Помнишь: я никогда не плавал нагим, но всегда в набедренной повязке? Скреплявшую их фибулу я должен был всадить себе в ногу, если бы ее свела вдруг судорога, как случалось со мной в юности: боль спасла бы меня от боли. Так и теперь известие о разгроме Спартака спасло меня от оскала Сфинги.
«Но почему?», — спросишь ты. — «При чем здесь война рабов, разгрома которых мы так долго ждали? С одной стороны здесь — женщина, которую ты любил так страстно, с другой — жалкий сброд, который ты всегда презирал».
Да, Луций, это так. Моя глубинная связь с этим фракийским гладиатором столь же необъяснима, как и необъяснима моя страсть к Сфинге. Ведь были — да, были клянусь Юпитером! — даже в самые блаженные часы мои были мгновения, когда разум мой кричал: «Остановись!» — но я не слушался разума и ликовал от сознания собственного непослушания. Я говорил себе, что есть нечто более сильное, чем разум: я сознательно ослеплял себя, подобно Эдипу, чтобы зреть иной, дивный мир, недоступный зрячему, недоступный разумному. ????? ?? ????? ?????? ???????? ?????????? ????? [222]. Но правы сицилийцы: здесь на острове одноглазых исполинов высшей карой богов является лишение зрения. Всех богов — и туземных, и греческих, и наших.
А другая страсть, разрывавшая меня, вопреки всякому здравому смыслу, — Спартак, пытавшийся разорвать сеть наших легионов — Красса, Помпея и твоего брата Марка. Тот фракийский юноша из нашей с тобой юности в Капуе, пытавшийся разорвать сеть ретиария. Случайно ли то, что, получив удар от Эвдемонии, я полз по полу, чувствуя в боку тройную рану от трезубца? Не были ли эти две столь непохожие друг на друга сети — любовная сеть и сеть суровой судьбы, уготованной восставшим, — не были ли обе эти сети попросту разными участками одной единой, некоей всеобщей сети, имя которой — Рок Человеческий, и которую набрасывает на людей некий грозный бог, словно этрусский Харун в тех первых — этрусских и кампанских боях гладиаторов?
Разгром Спартака, так долго желаемый мной и оказавшийся вдруг столь абсурдно болезненным, — вот та боль, которая помогла заглушить боль, причиненную мне Сфингой, лишив ее смертоносности.
Чем был для меня разгром Спартака? Я ведь не видел его, находясь здесь, на Сицилии. Я знаю о нем только из краткого письма Марка да еще из каких-то слухов, обычно искажающих истину. К тому же тело Спартака так и не опознали среди павших. А, может быть, он и не убит? Может быть, он спасся и находится сейчас в одном из множества тех мелких отрядов уцелевших рабов, которые рассыпались по всему югу Италии и не только, словно искры разметанного пожара, готовые еще вспыхнуть новым, не менее грозным пламенем? Непомерно честолюбивый Помпей с гордостью пишет Сенату, что постепенно гасит эти искры.

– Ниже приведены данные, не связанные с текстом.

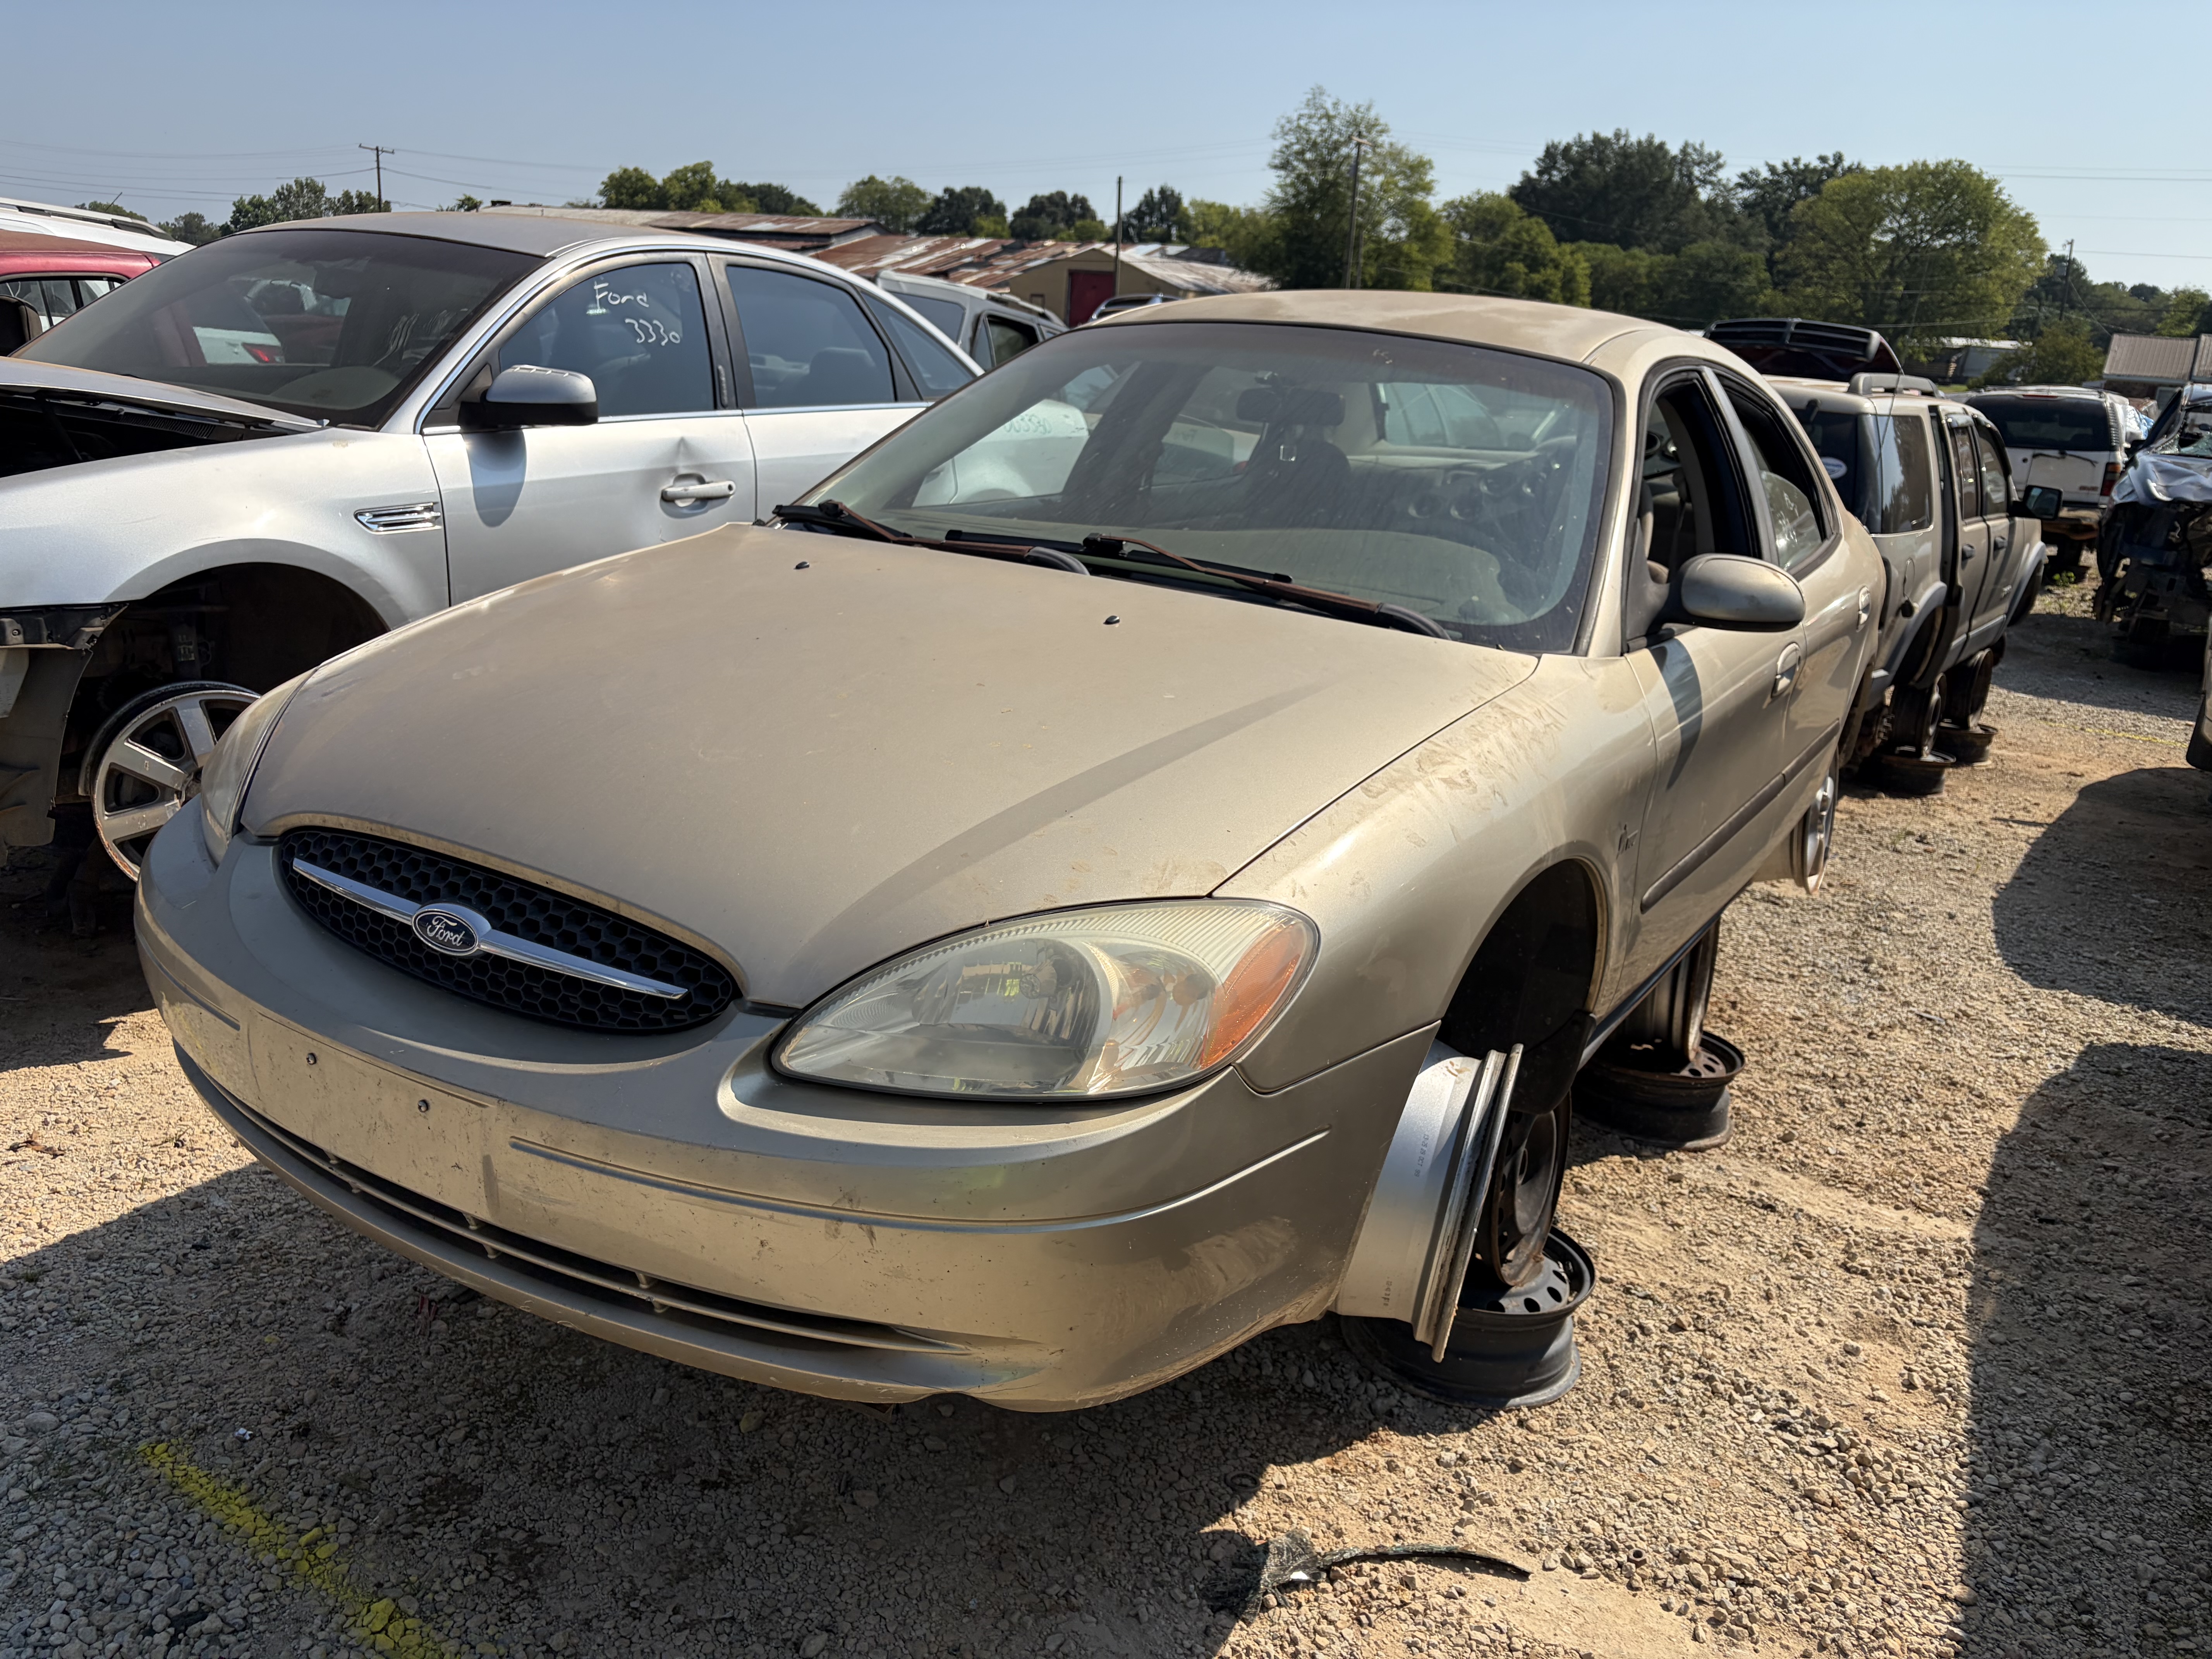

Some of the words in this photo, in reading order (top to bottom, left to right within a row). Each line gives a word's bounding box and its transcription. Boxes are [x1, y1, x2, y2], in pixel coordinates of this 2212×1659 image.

[594, 281, 649, 310] Ford
[624, 318, 680, 346] 3330
[426, 915, 465, 946] Ford

Одна подробность из разгрома восставших, подробность совсм незначительная, словно бы и не связанная непосредственно с самим ходом битвы и ее исходом, заставила содрогнуться все мое существо и, словно спасательной болью, вонзилась в сердце мое, истерзанное самой
«Перед битвой Спартак выехал перед строем своих воинов, сошел с коня и заколол его».

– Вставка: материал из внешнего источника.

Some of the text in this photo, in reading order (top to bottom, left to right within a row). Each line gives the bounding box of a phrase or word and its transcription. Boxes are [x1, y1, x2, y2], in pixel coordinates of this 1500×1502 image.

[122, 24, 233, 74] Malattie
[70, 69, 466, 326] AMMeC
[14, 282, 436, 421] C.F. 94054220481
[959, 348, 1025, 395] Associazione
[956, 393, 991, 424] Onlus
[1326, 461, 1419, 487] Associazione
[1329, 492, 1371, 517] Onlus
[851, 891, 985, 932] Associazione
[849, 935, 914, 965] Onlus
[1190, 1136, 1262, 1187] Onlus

Некоторые склонны усматривать здесь крайнее отчаяние. Я в это не верю. Я убежден, что это была жертва. Однако я убежден также, что это было не просто желание умилостивить некое божество, но также и сознательный отказ от чего-то.
Какому божеству принес в жертву своего коня Спартак?
Нептуну, которого почитают в образе коня греки?[223]
Солнцу, которому приносят в жертву коней персы, массагеты и индийцы?
Или Марсу, в честь которого кормил своих кобылиц человеческим мясом Диомед?
Если верно последнее, то жаждал ли человеческой крови фракиец Спартак? Жаждал ли он кровопролития, повинуясь зову своей фракийской крови, или же стремиться к кровопролитию научили его мы в гладиаторской школе в Капуе? И главное — проливал ли он все эти три года кровь в Италии, чтобы сдержать натиск твоих легионов там, в Азии, или же хотел вырваться из Италии, и потому метался по ней от Альп до Сицилии, а под конец попытался покинуть ее через Брундизий? Что вело армию Спартака все эти годы — жажда кровопролития или все-таки жажда свободы?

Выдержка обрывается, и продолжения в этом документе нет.